There was no constitutional prerequisite for the officers’ request for the defendant’s consent to search the lockbox. “Asking for permission to search is akin to approaching an individual on the street and asking a question; no special predicate is required to do so.” Grasso & McEvoy, Suppression Matters Under Massachusetts Law, §11-3 at 11-9.

That Ms. Jenks expanded the scope of her consent to search the apartment for others who might have been present is of no help to the Commonwealth. Officer Graham reported that such a search commenced soon after the officers gained entry to 105 Bellingham; there would have been no reason for the officers to have continued to search for others in the apartment for hours after the defendant was arrested and removed.

In Yehudi Y., consent was deemed involuntary despite the consenting parties’ opportunity to consult with each other; evidence that the consenting parties knew of their right to refuse; and that the consenting parties were not in custody. Id. at 818 & n.10. These circumstances ordinarily suggest consent was voluntary; the temporal nexus between the illegal conduct of the police and the consent in Yehudi Y. overrode all of them. Id.

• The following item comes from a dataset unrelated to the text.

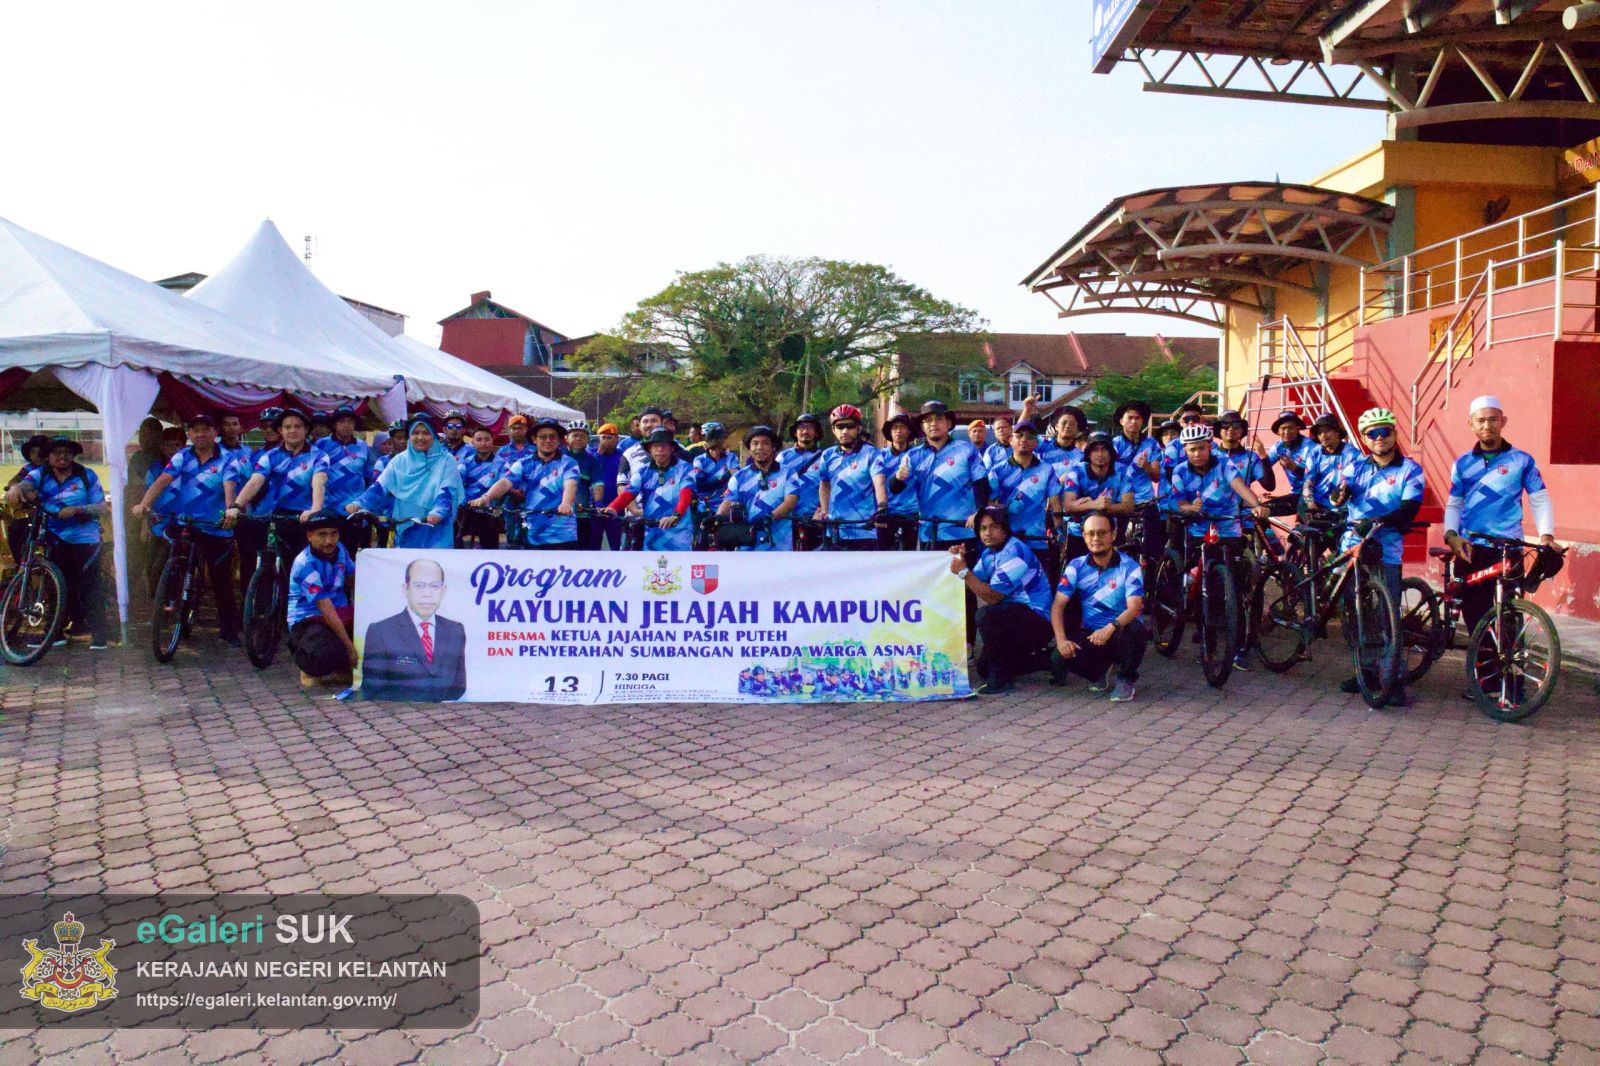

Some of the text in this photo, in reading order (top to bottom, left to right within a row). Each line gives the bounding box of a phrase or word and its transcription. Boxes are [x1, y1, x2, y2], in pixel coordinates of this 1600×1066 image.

Here, none of those mitigating factors are present, and the temporal nexus between the police’s illegal entry and the defendant’s consent is just as strong. Contrast Kipp, 57 Mass.App.Ct. at 634 (consent deemed voluntary where “the defendant was given his Miranda warnings and he understood them, a conclusion bolstered by the defendant’s prior experience with the criminal justice system. That the defendant understood his rights is demonstrated by his initial refusal to consent . . . [TIhe defendant was motivated to consent by his knowledge that drugs would not be found at his apartment. ).